A simple and nutritious chia pudding made with kefir, perfect for breakfast or a healthy dessert.

Ingredients
  • 1 cup grass-fed kefir
  • 1/4 cup chia seeds
  • 1 tablespoon maple syrup
  • 1/2 teaspoon vanilla extract
Instructions
  1. 1. In a bowl, mix together grass-fed kefir, chia seeds, maple syrup, and vanilla extract.
  2. 2. Stir well and let sit for 10 minutes, then stir again to prevent clumping.
  3. 3. Cover and refrigerate for at least 2 hours or overnight until thickened.

Frequently Asked Questions (FAQ)

What is grass-fed kefir?

Grass-fed kefir is a fermented dairy drink made from the milk of cows that are fed a grass-based diet, enhancing its nutritional profile.

How is grass-fed kefir different from regular kefir?

Grass-fed kefir typically contains higher levels of omega-3 fatty acids and vitamins due to the cows' diet.

Can I consume grass-fed kefir if I'm lactose intolerant?

Many people with lactose intolerance can tolerate kefir due to its lower lactose content and probiotic bacteria.

How should I store grass-fed kefir?

Store it in the refrigerator and consume it within a week for optimal freshness.

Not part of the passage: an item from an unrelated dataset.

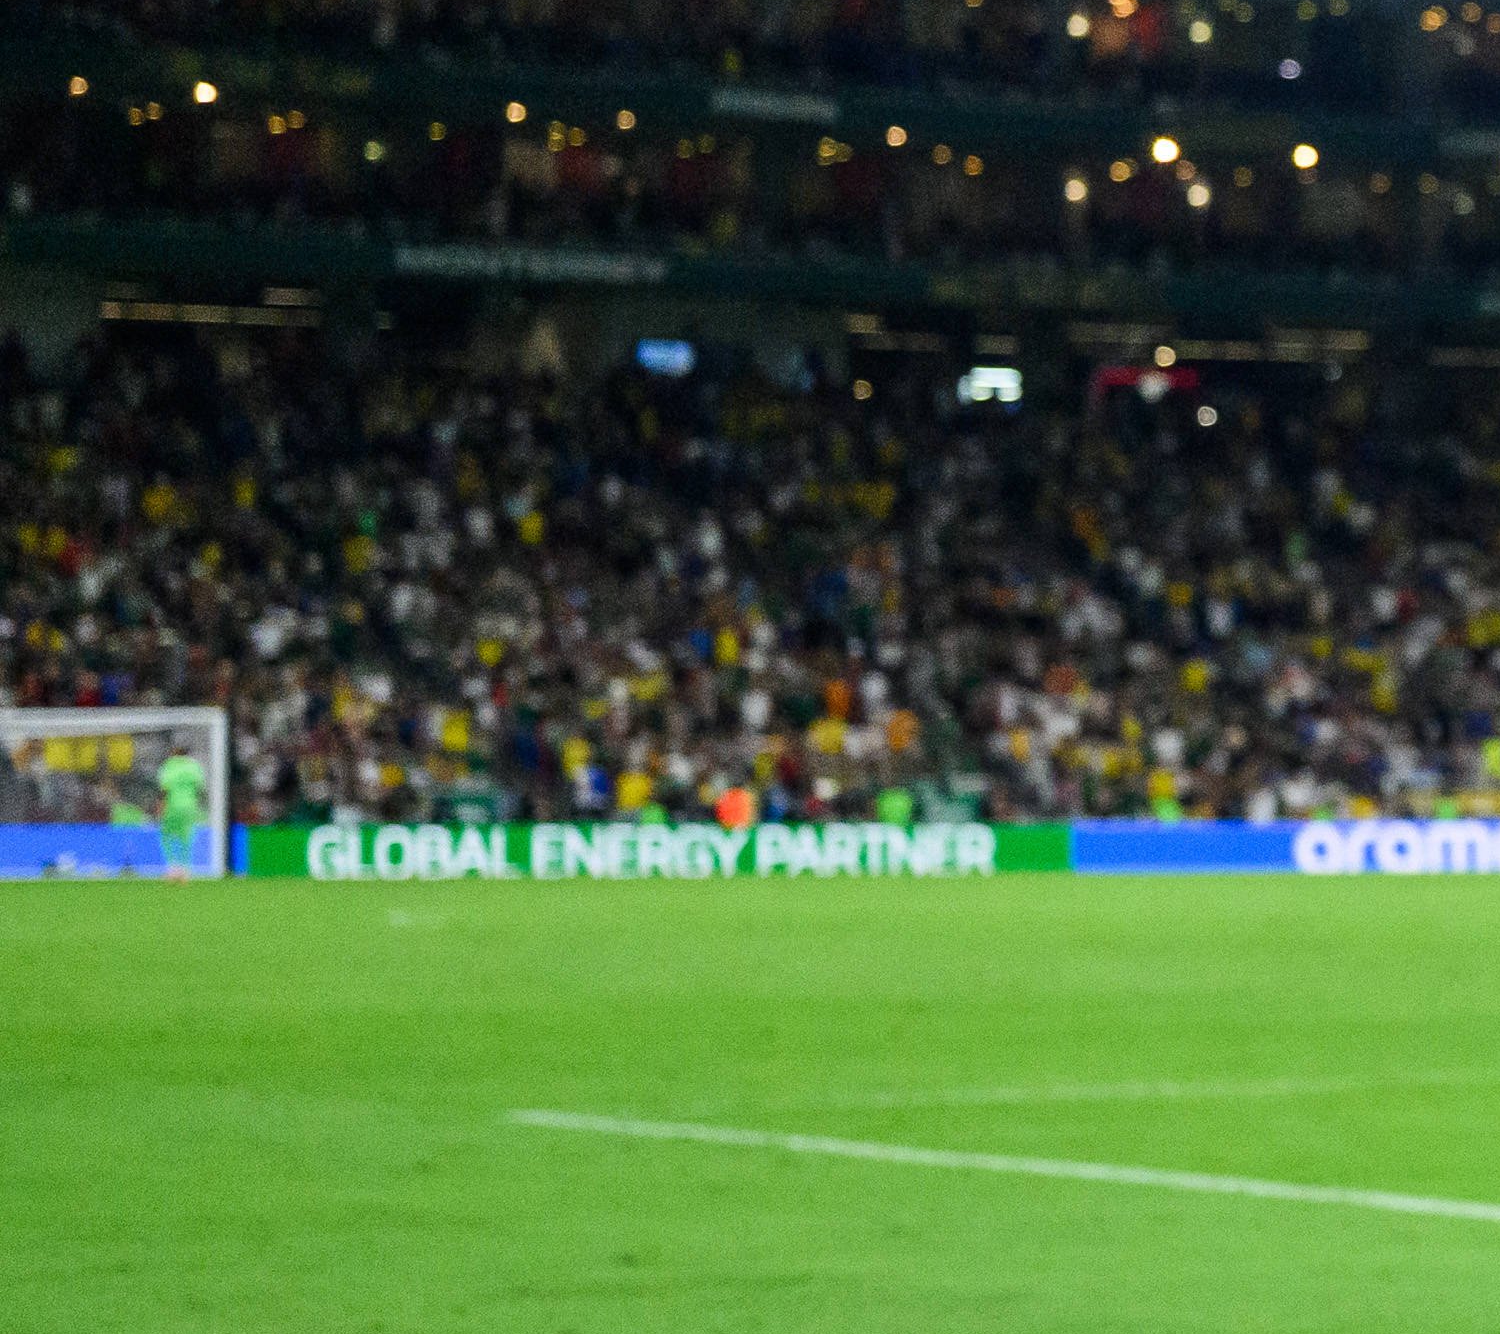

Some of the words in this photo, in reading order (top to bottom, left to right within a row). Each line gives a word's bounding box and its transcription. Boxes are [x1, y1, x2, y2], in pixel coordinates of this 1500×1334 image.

Is grass-fed kefir good for gut health?

Yes, it is rich in probiotics that promote a healthy gut microbiome.

Can grass-fed kefir help with weight loss?

It may aid in weight management due to its protein content and ability to promote satiety.

How can I incorporate grass-fed kefir into my diet?

You can drink it plain, add it to smoothies, or use it in salad dressings.

Is grass-fed kefir safe for children?

Yes, it can be a nutritious addition to a child's diet, but consult a pediatrician if there are concerns.